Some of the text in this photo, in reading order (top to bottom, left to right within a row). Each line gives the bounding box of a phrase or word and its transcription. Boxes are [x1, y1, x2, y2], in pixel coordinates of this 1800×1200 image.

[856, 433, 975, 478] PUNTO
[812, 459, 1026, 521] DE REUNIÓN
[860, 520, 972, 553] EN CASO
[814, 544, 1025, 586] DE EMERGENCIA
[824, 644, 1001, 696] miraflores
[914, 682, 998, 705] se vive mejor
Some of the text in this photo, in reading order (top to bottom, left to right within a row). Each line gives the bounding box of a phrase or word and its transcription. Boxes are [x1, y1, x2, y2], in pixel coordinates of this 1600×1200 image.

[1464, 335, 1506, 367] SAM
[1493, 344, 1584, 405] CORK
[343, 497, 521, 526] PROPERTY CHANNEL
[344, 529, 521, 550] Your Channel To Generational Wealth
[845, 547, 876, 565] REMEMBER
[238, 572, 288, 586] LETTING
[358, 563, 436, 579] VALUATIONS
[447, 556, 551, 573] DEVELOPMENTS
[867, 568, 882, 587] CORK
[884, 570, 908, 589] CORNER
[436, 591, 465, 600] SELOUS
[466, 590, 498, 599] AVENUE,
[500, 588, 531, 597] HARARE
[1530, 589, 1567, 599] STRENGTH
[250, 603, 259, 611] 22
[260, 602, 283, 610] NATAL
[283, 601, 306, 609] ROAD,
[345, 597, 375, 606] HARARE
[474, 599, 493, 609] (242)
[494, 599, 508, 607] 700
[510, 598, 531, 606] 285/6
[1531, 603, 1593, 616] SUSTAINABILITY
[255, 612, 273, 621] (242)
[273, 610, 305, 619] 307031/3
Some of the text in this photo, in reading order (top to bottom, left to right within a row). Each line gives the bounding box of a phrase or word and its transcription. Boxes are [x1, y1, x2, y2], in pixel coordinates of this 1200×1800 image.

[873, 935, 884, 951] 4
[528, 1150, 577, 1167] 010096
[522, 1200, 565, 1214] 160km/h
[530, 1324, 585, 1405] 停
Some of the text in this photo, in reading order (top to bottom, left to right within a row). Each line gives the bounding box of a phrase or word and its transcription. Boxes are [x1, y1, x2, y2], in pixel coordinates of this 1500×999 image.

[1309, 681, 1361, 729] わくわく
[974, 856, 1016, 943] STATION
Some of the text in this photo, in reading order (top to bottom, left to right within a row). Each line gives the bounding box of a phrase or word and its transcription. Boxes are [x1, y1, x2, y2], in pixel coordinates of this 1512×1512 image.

--*--

Task statement: Give the listing again in full, with every line intact.

Solution:
Some of the text in this photo, in reading order (top to bottom, left to right within a row). Each line gives the bounding box of a phrase or word and its transcription. Boxes are [x1, y1, x2, y2], in pixel coordinates of this 1800×1200 image.

[856, 433, 975, 478] PUNTO
[812, 459, 1026, 521] DE REUNIÓN
[860, 520, 972, 553] EN CASO
[814, 544, 1025, 586] DE EMERGENCIA
[824, 644, 1001, 696] miraflores
[914, 682, 998, 705] se vive mejor
Some of the text in this photo, in reading order (top to bottom, left to right within a row). Each line gives the bounding box of a phrase or word and its transcription. Boxes are [x1, y1, x2, y2], in pixel coordinates of this 1600×1200 image.

[1464, 335, 1506, 367] SAM
[1493, 344, 1584, 405] CORK
[343, 497, 521, 526] PROPERTY CHANNEL
[344, 529, 521, 550] Your Channel To Generational Wealth
[845, 547, 876, 565] REMEMBER
[238, 572, 288, 586] LETTING
[358, 563, 436, 579] VALUATIONS
[447, 556, 551, 573] DEVELOPMENTS
[867, 568, 882, 587] CORK
[884, 570, 908, 589] CORNER
[436, 591, 465, 600] SELOUS
[466, 590, 498, 599] AVENUE,
[500, 588, 531, 597] HARARE
[1530, 589, 1567, 599] STRENGTH
[250, 603, 259, 611] 22
[260, 602, 283, 610] NATAL
[283, 601, 306, 609] ROAD,
[345, 597, 375, 606] HARARE
[474, 599, 493, 609] (242)
[494, 599, 508, 607] 700
[510, 598, 531, 606] 285/6
[1531, 603, 1593, 616] SUSTAINABILITY
[255, 612, 273, 621] (242)
[273, 610, 305, 619] 307031/3
Some of the text in this photo, in reading order (top to bottom, left to right within a row). Each line gives the bounding box of a phrase or word and its transcription. Boxes are [x1, y1, x2, y2], in pixel coordinates of this 1200×1800 image.

[873, 935, 884, 951] 4
[528, 1150, 577, 1167] 010096
[522, 1200, 565, 1214] 160km/h
[530, 1324, 585, 1405] 停
Some of the text in this photo, in reading order (top to bottom, left to right within a row). Each line gives the bounding box of a phrase or word and its transcription. Boxes are [x1, y1, x2, y2], in pixel coordinates of this 1500×999 image.

[1309, 681, 1361, 729] わくわく
[974, 856, 1016, 943] STATION
Some of the text in this photo, in reading order (top to bottom, left to right within a row). Each line gives the bounding box of a phrase or word and its transcription. Boxes are [x1, y1, x2, y2], in pixel coordinates of this 1512×1512 image.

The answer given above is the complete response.